I’m well aware of the strict secrecy that accompanies ongoing investigations as a matter of procedure. But once the Mueller Report was finally released, it became crystal clear that Robert Mueller’s investigation dealt only with criminal matters, not counterintelligence. Trump had been thoroughly compromised by Russia and was a grave threat to national security. But the FBI wasn’t doing anything about it!

One reason for that may have been that on far too many occasions, FBI men in sensitive positions ended up on the take from the very people they were supposed to be investigating. And on January 23, a bomb dropped: We learned that the latest of these is Charles McGonigal, the former head of counterintelligence for the FBI in New York, who ended up working for billionaire oligarch Oleg Deripaska, a major target in the Trump Russia investigation. McGonigal was indicted in Manhattan on charges of money laundering, violating U.S. sanctions, and other counts relating to his alleged ties to Deripaska.

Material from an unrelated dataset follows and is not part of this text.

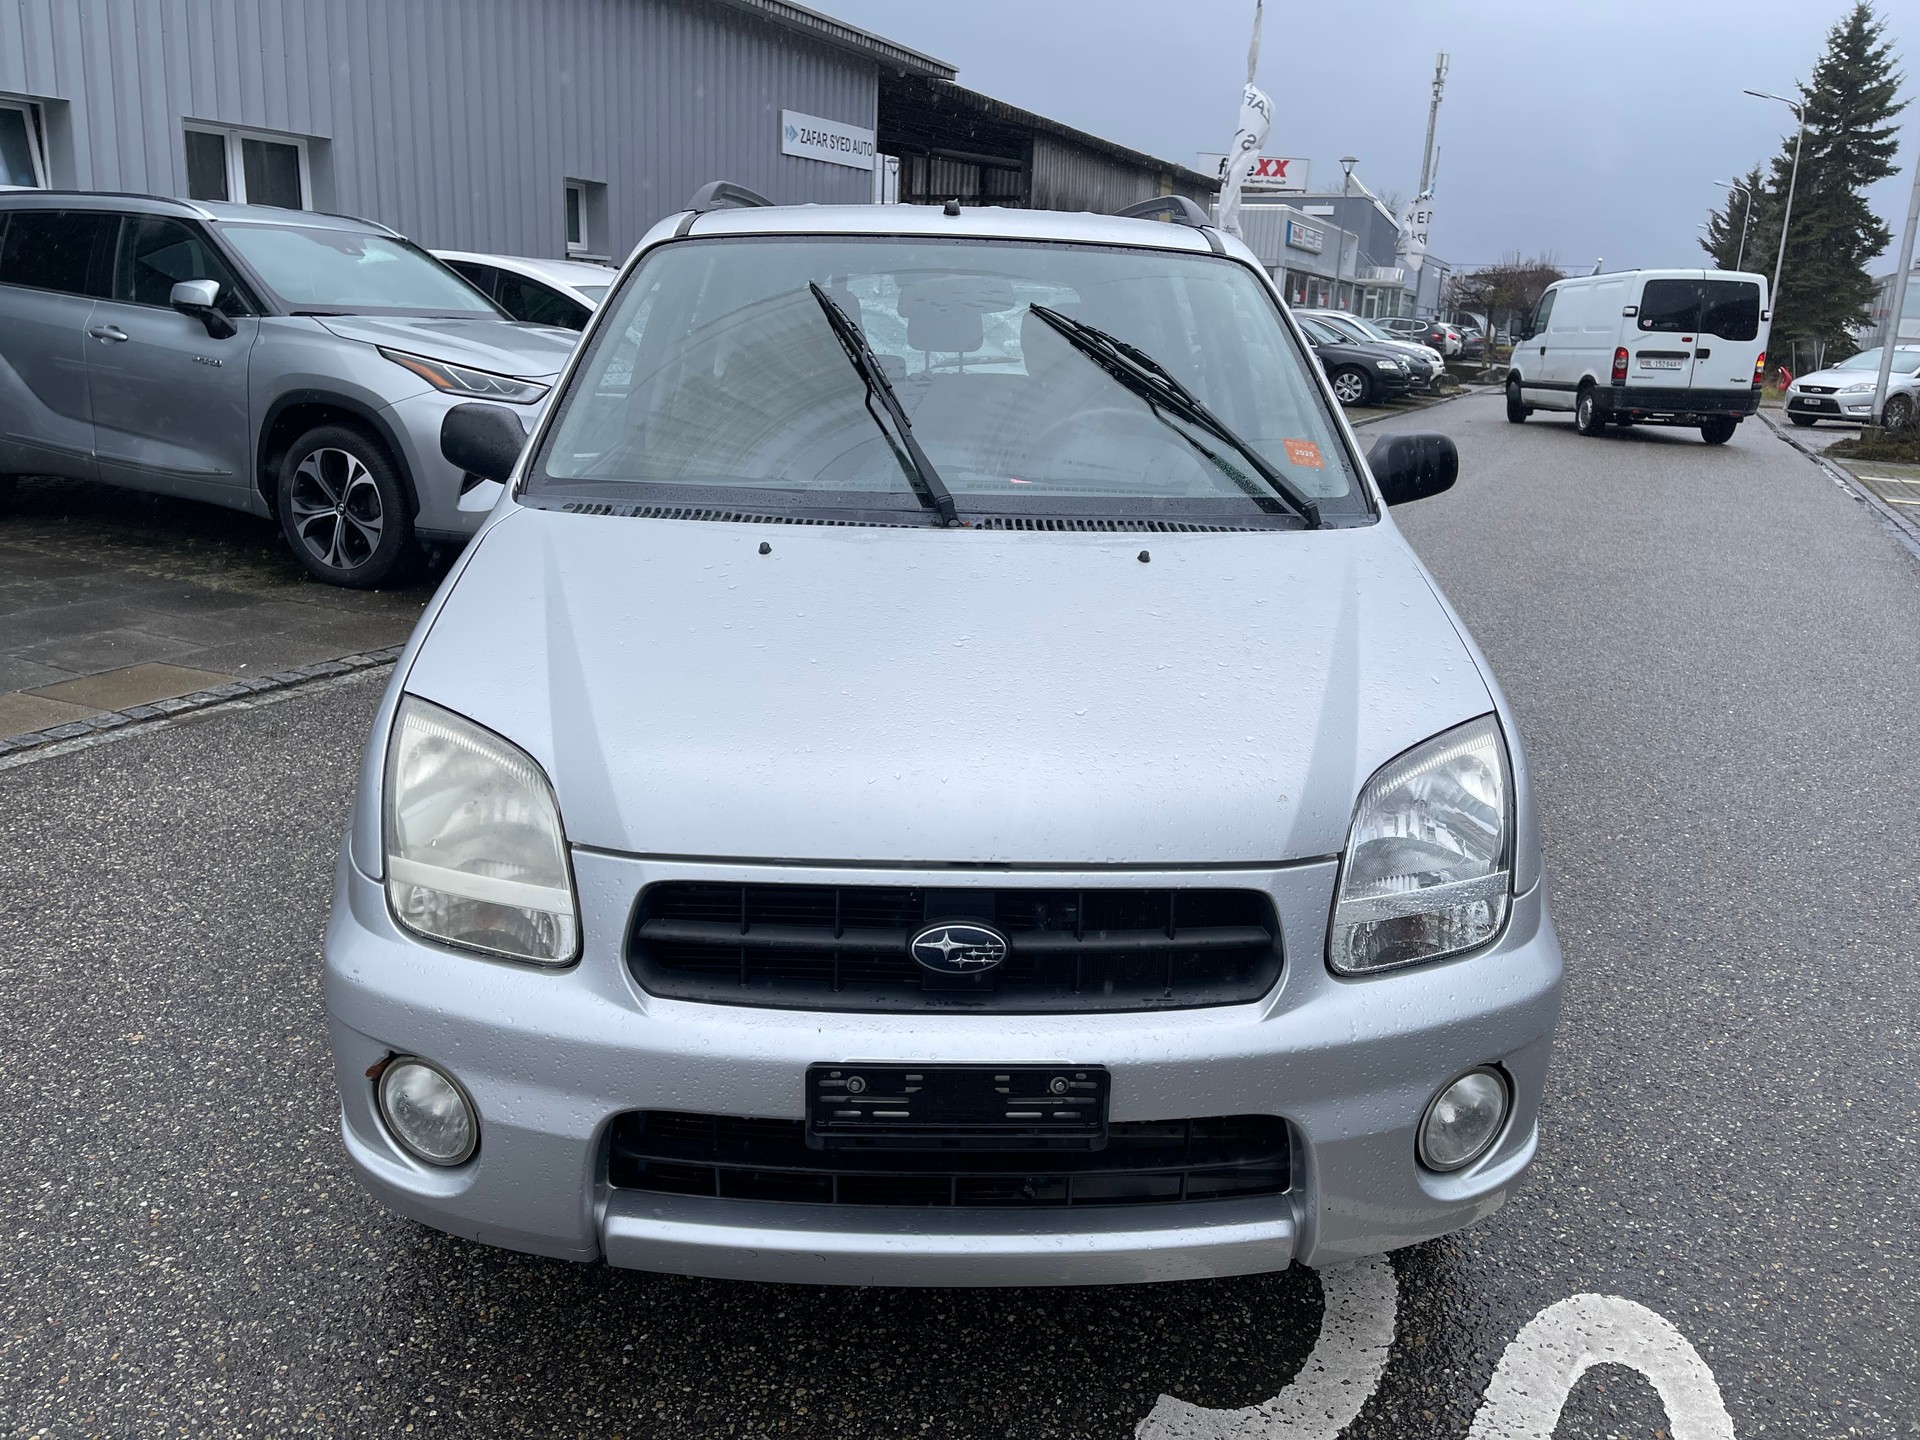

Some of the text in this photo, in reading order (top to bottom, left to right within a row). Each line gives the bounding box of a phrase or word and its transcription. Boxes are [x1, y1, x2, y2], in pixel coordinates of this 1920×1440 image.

[801, 128, 873, 157] ZAFAR SYED AUTO
[1294, 449, 1315, 458] 2025

He was also indicted in Washington, where he was accused of concealing $225,000 he allegedly received from a New Jersey man employed long ago by Albanian intelligence.

McGonigal has pleaded not guilty to all charges.

McGonigal’s troubles began in late 2018, after his wife found out about his girlfriend, Allison Guerriero, who did not know that he was still married. “I was shocked,” Guerriero said, in an interview with Mattathias Schwartz for Business Insider. “I was very much in love with him, and I was so hurt.”

A few months later, Guerriero wrote an angry email about McGonigal to the man who had introduced them as a couple—William Sweeney, who just happened to be assistant director in charge of the FBI’s New York City office. On a number of occasions, Guerriero had seen McGonigal leave huge amounts of cash around the house. At first, she thought it must be “buy money” for a sting operation or some other FBI procedure. Then she became suspicious. Among other things, she told Sweeney to look into McGonigal’s dealings in Albania, where McGonigal had traveled extensively and participated in transactions that later appeared in his indictments.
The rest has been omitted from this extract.